Intelligent Design Icon Intelligent Design

Princeton Historian: Falsifiability Not a Requirement of Science

Writing for the Chronicle of Higher Education, Princeton history professor Michael D. Gordin has an article titled, “Separating the Pseudo from Science.” He offers some clear thinking on the question of “What constitutes science?” and on the inappropriateness of using terms like “pseudoscience.” Gordin writes:

The renowned philosopher Karl Popper coined the term “demarcation problem” to describe the quest to distinguish science from pseudoscience. He also proposed a solution. As Popper argued in a 1953 lecture, “The criterion of the scientific status of a theory is its falsifiability.” In other words, if a theory articulates which empirical conditions would invalidate it, then the theory is scientific; if it doesn’t, it’s pseudoscience.

That seems clear enough. Unfortunately, it doesn’t work. Epistemologists present several challenges to Popper’s argument. First, how would you know when a theory has been falsified? Suppose you are testing a particular claim using a mass spectrometer, and you get a disagreeing result. The theory might be falsified, or your mass spectrometer could be on the fritz. Scientists do not actually troll the literature with a falsifiability detector, knocking out erroneous claims right and left. Rather, they consider their instruments, other possible explanations, alternative data sets, and so on. Rendering a theory false is a lot more complicated than Popper imagined — and thus determining what is, in principle, falsifiable is fairly muddled.

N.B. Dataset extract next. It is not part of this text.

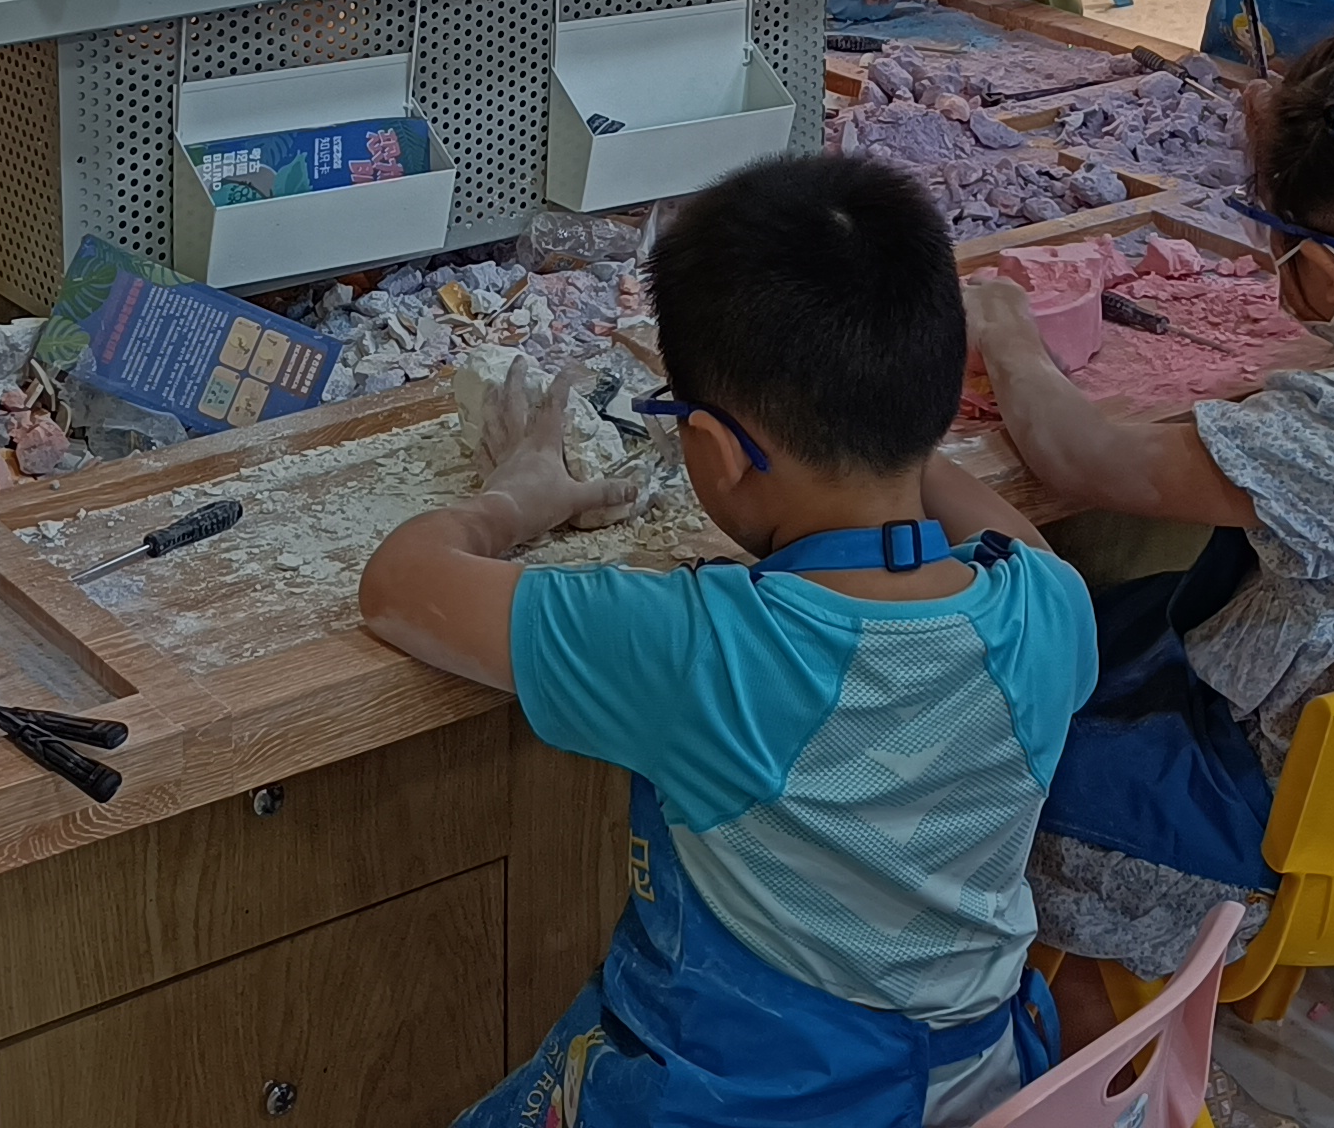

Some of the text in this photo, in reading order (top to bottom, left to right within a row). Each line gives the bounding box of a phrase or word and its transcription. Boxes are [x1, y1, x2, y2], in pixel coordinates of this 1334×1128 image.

[202, 155, 212, 183] BOX
[212, 153, 222, 191] BLIND
[319, 137, 331, 175] 知识卡

The second problem is that Popper fails to demarcate in the right place. Creationism, for example, makes a series of falsifiable claims about radioactive dating, rates of erosion, and so on, while the more “historical” sciences, like geology and astronomy, pose theories that are more explanatory narratives than up-or-down (and therefore falsifiable) protocol statements of empirical bullet points. Any criterion had better at least replicate our common-sense notion of “science,” and so far no clear criterion has been able to do so. No wonder most philosophers have given up on the task. As the prominent philosopher of science Larry Laudan put it 30 years ago: “If we would stand up and be counted on the side of reason, we ought to drop terms like ‘pseudoscience’ and ‘unscientific’ from our vocabulary; they are just hollow phrases that do only emotive work for us.” Demarcation is distinctly out of fashion among philosophers today.

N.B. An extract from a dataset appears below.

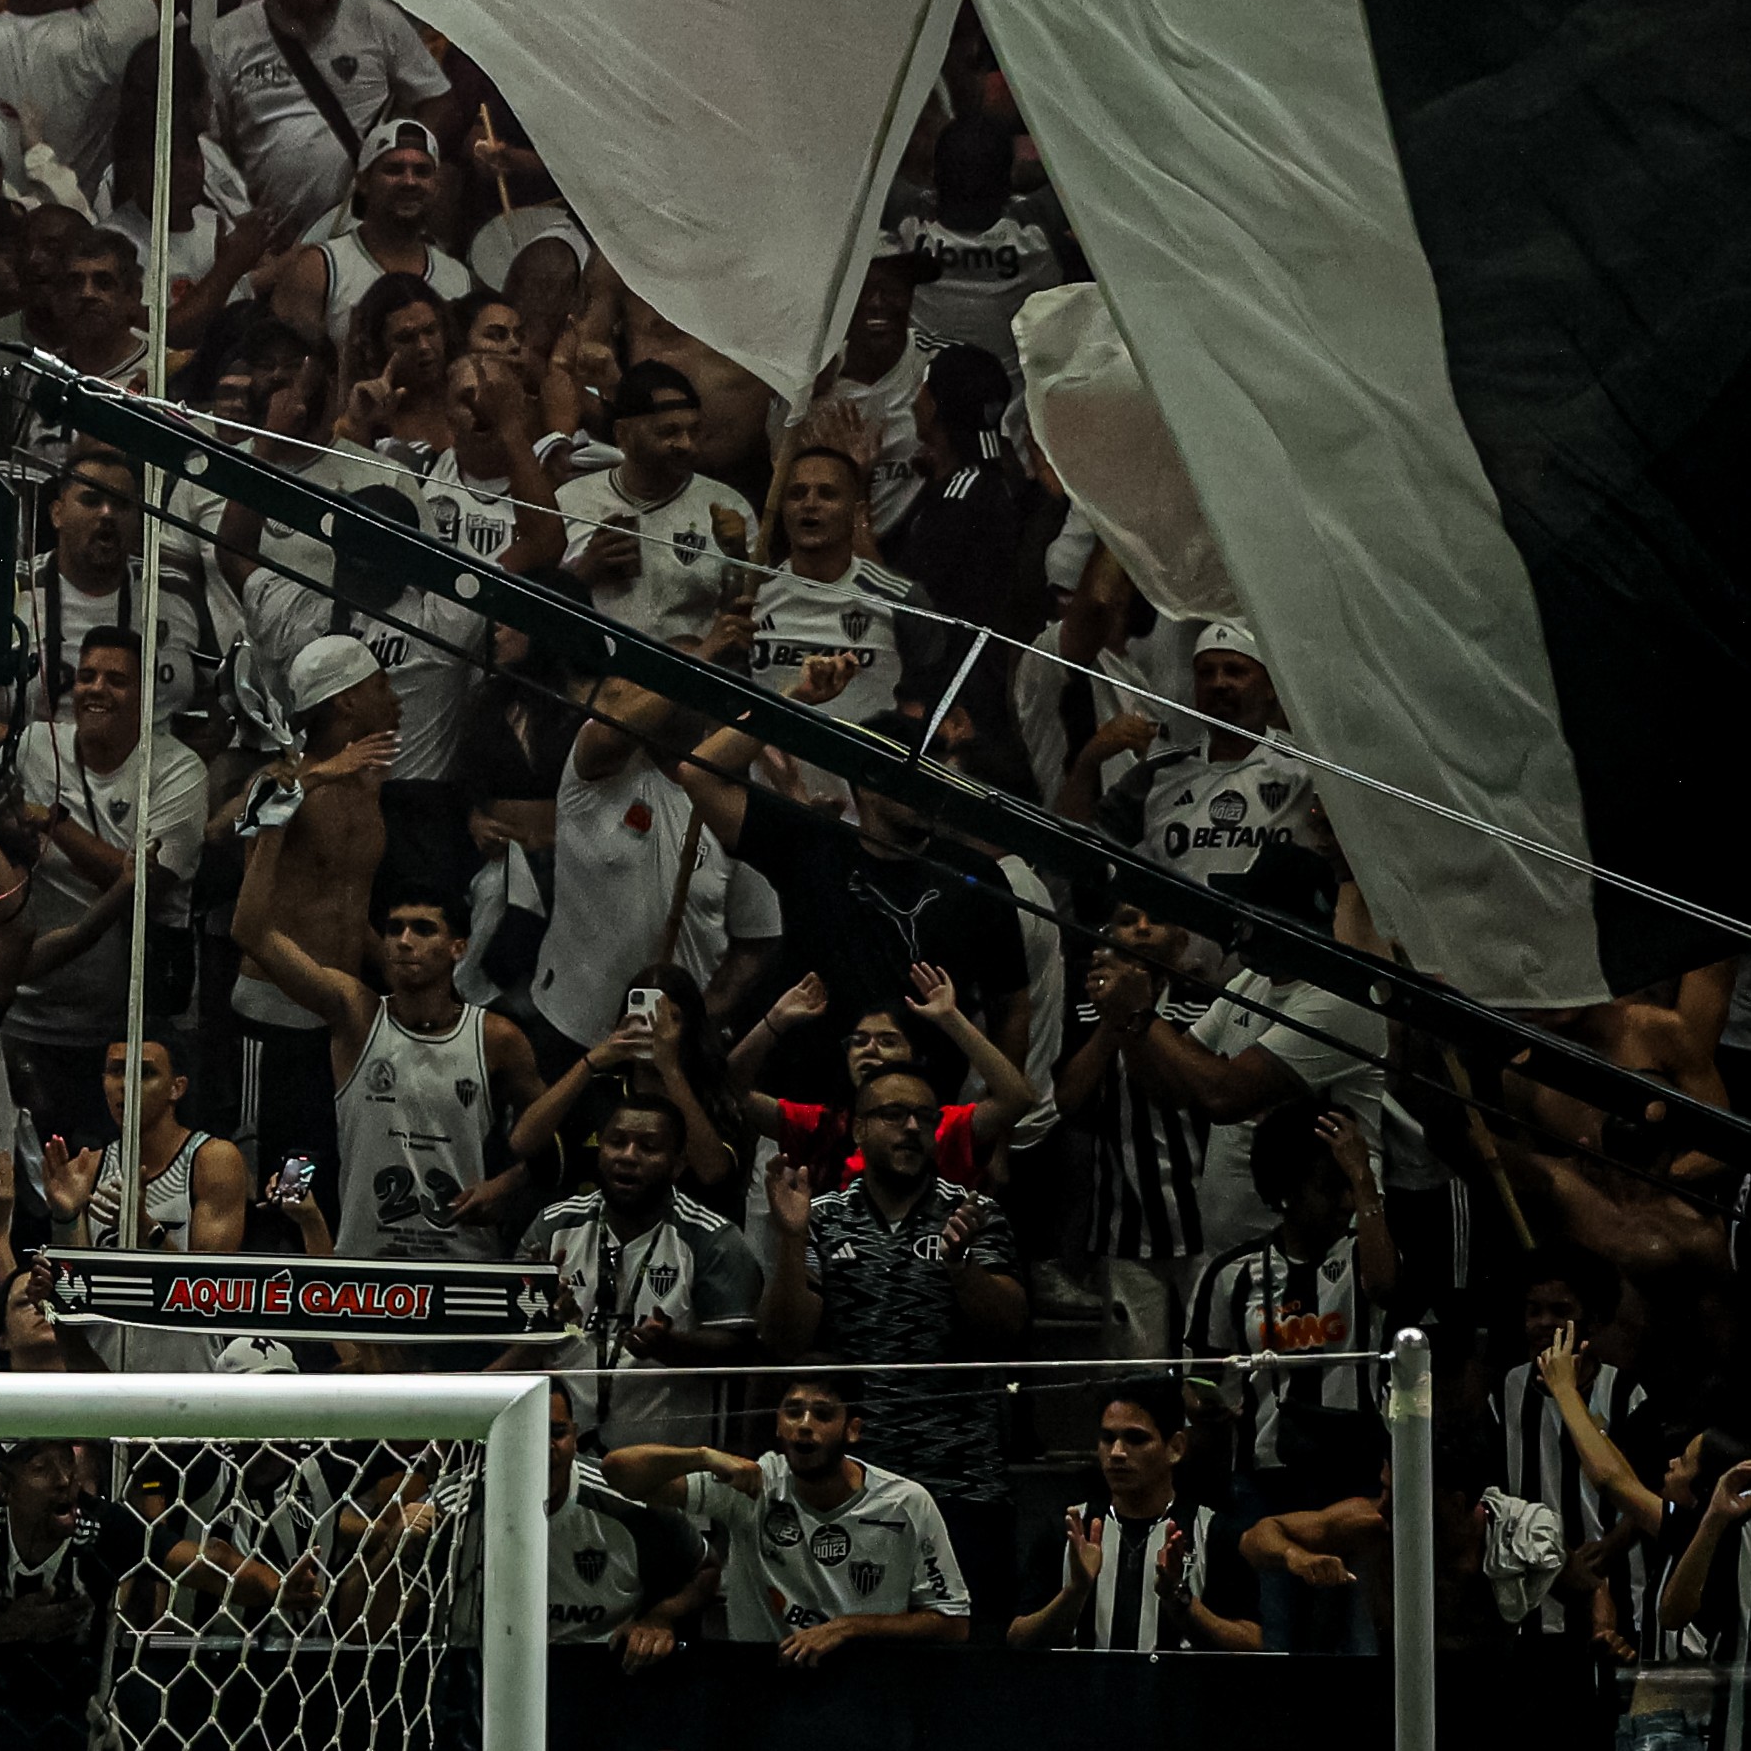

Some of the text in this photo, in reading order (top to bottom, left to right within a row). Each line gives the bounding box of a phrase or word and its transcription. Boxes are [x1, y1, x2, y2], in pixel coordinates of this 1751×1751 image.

[1192, 826, 1292, 850] BETANO
[165, 1269, 433, 1320] AQUI É GALO!
[923, 1556, 951, 1601] MRV
[548, 1604, 606, 1623] ANO

Intelligent design (ID), of course, doesn’t challenge established estimates of the age of the earth. It makes very different claims than does creationism. Nonetheless, ID does make testable and falsifiable claims — and by any reasonable definition of “scientific theory,” ID qualifies. Despite that fact, ID is subjected to constant accusations that it’s “untestable,” and therefore not science. In fact, the U.S. National Academy of Sciences (NAS) has officially declared, “Intelligent design is not a scientific concept because it cannot be empirically tested” (Science, Evolution, and Creationism (National Academy Press, 2008), p. 42).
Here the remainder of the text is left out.